### PROBLEM
Could you please retype all of the records exactly, skipping any pictures?

### STUDY MATERIAL
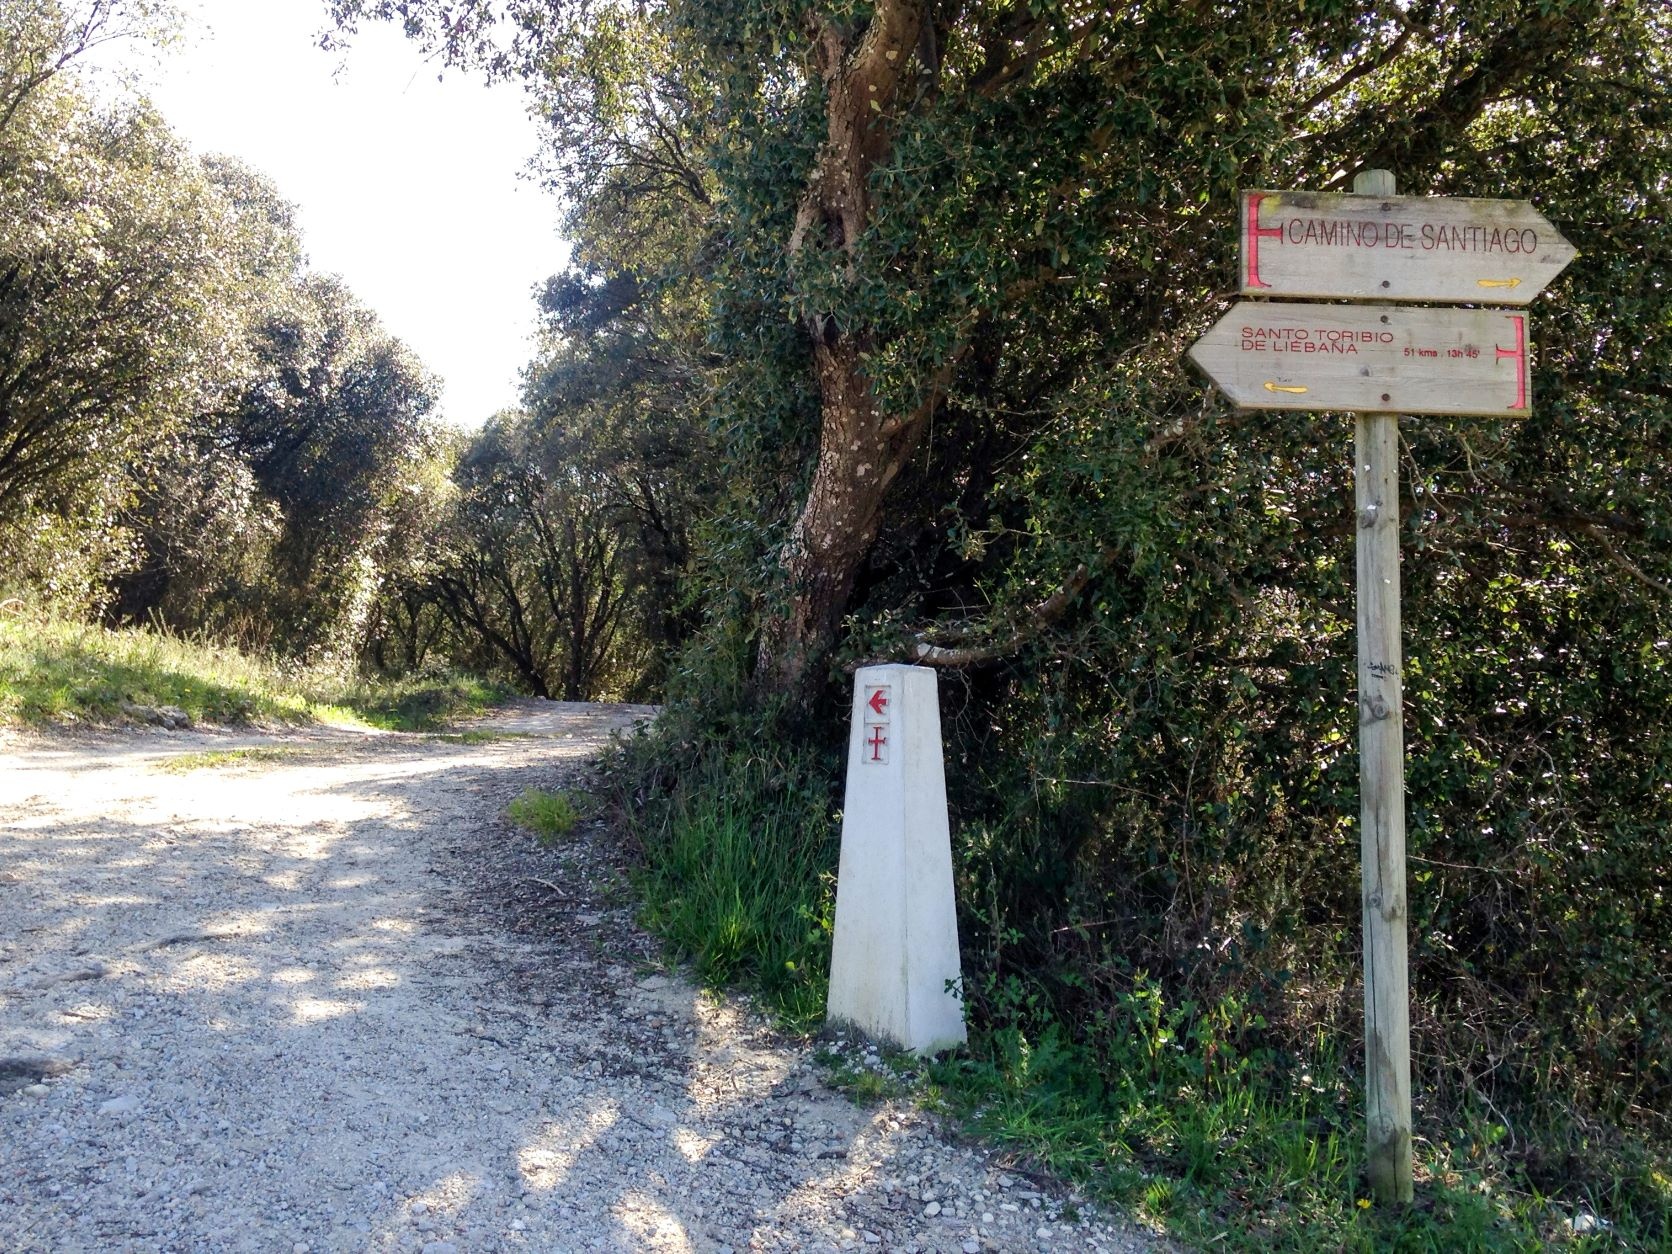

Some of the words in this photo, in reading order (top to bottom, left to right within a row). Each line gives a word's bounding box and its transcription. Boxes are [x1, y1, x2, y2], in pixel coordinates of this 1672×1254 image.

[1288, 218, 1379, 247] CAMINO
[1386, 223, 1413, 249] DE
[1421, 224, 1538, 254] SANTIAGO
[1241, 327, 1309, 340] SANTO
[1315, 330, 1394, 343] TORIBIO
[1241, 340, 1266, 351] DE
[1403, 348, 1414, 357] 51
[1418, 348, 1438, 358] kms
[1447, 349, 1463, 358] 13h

### OUTPUT OF THE TASK
Some of the words in this photo, in reading order (top to bottom, left to right within a row). Each line gives a word's bounding box and its transcription. Boxes are [x1, y1, x2, y2], in pixel coordinates of this 1672×1254 image.

[1288, 218, 1379, 247] CAMINO
[1386, 223, 1413, 249] DE
[1421, 224, 1538, 254] SANTIAGO
[1241, 327, 1309, 340] SANTO
[1315, 330, 1394, 343] TORIBIO
[1241, 340, 1266, 351] DE
[1403, 348, 1414, 357] 51
[1418, 348, 1438, 358] kms
[1447, 349, 1463, 358] 13h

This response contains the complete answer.